That is not to say they didn’t have goals. It’s just that, as we quickly learned, it’s often difficult to draw a direct line between UX research projects and measurable outcomes. This is especially true if the product in question is not a mass-market product that allows you to test design changes with large groups of people. But even with products that are used by a lot of people, it can be very difficult to determine if measurable changes like increased sign-ups, CTA clicks, purchases, or whatever the goal might be is a direct result of design changes that were made based on research findings. There are just too many steps and potentially confounding variables in between.

So, why do UX research?

There are a few great reasons to talk to people about using your product or service. For one, the more you do it, the more likely you are to design products that meet people’s actual needs rather than your guess at what their needs might be. In the early days of the Internet, people released products that met their imagined users’ needs all the time. The late 1990s and early aughts were chock full of web applications that were very clearly designed by the engineers that wrote the code for them. As many of you probably know, that period is now a cliché for non-user-focused design. If you went to any UX conferences in the early aughts, you probably saw this cheeky t-shirt more than a few times.

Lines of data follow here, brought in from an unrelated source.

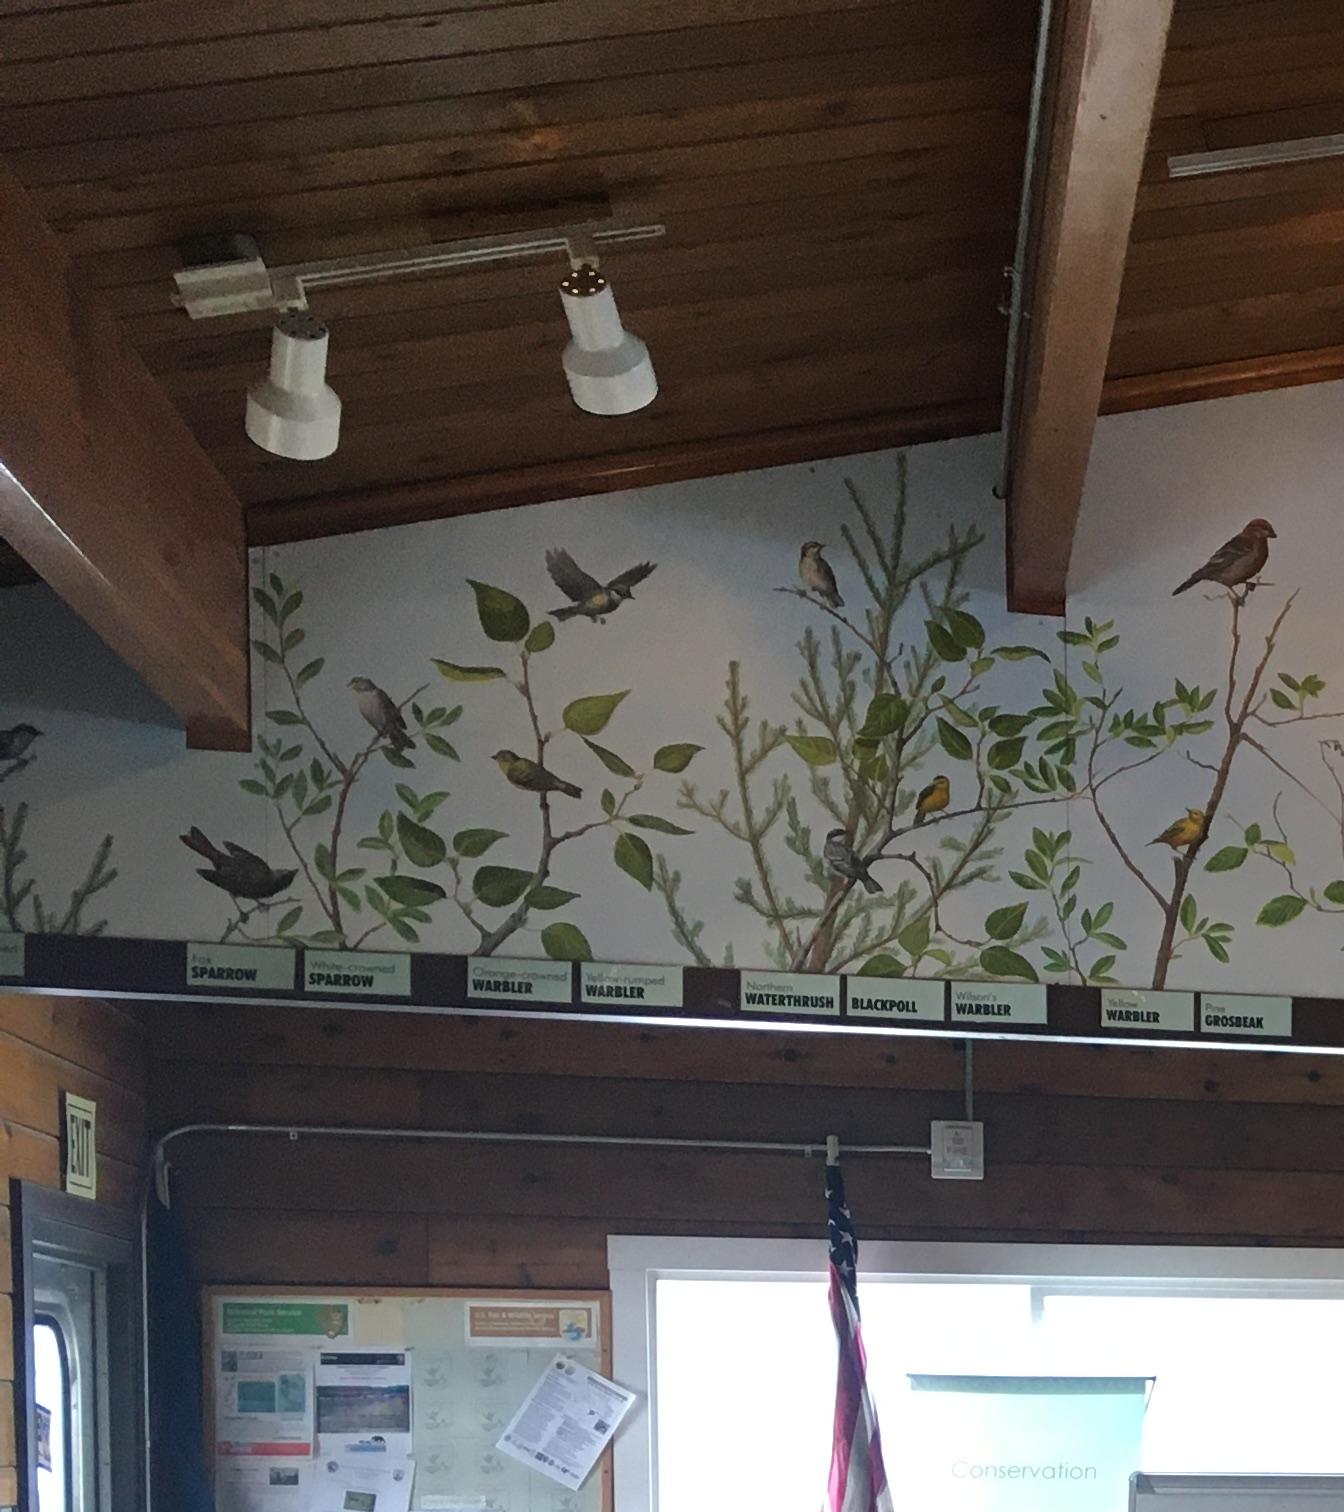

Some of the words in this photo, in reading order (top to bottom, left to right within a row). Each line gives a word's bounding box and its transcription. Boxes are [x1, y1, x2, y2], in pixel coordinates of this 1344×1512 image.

[191, 966, 257, 982] SPARROW
[310, 959, 396, 974] White-crowned
[472, 966, 568, 983] Orange-crowned
[309, 972, 374, 988] SPARROW
[472, 978, 533, 994] WARBLER
[746, 981, 793, 993] Northern
[586, 984, 645, 1000] WARBLER
[745, 992, 834, 1009] WATERTHRUSH
[851, 997, 918, 1013] BLACKPOLL
[955, 1002, 1011, 1017] WARBLER
[1106, 1009, 1160, 1023] WARBLER
[1205, 1015, 1264, 1029] GROSBEAK
[70, 1113, 92, 1178] EXIT
[951, 1461, 1097, 1480] Conservation

A person wearing a t-shirt that says “UX, you are not the user.”

Nowadays we finally understand that in order for people to happily use our products and services, we need to a) understand the problems that they actually want us to solve, and b) understand the way they think about the problems. This is the way to deliver experiences that make sense. Steve Krug said it best when he titled his seminal book on user experience Don’t Make Me Think; the goal is to solve people’s problems in ways that feel intuitive to them. And that’s why it’s worthwhile to do UX research even if you can’t draw a clear line between any particular design change from research findings and a measurable result.

Another related but slightly different reason to do UX research has more to do with the product stakeholders. Everyone from executives to product managers to designers and others involved in the creation of products can get passionate ideas about solutions to the problems they are trying to solve with their products. Some might view their professional reputation as being at stake, or they might have other reasons for being particularly committed to a feature or design element. Whatever the reason stakeholders are so committed to the solutions they’ve helped to design and implement, there is nothing like watching someone trying to use a flawed solution to cure people of their commitment to it! And, as my colleague Kristy Knabe recently wrote, a good UX consultant can help teams turn these less-than-cheery insights into opportunities to improve the product.

There’s no question that well-designed, intuitive products that solve real problems are the ones that grow and meet measurable goals. And it’s hard to argue with the idea that the more UX research teams do, the more likely they are to understand people’s problems and produce well-designed, intuitive products to help solve them. However, focusing on an elusive numerical impact now seems beside the point, and I’ve shifted my focus from trying to draw straight lines between research insights and improved metrics. Instead, I assess the impact of our work in much the same way we do UX research: I ask our clients if we solved the problems they were trying to solve in a way that felt positive and met their expectations.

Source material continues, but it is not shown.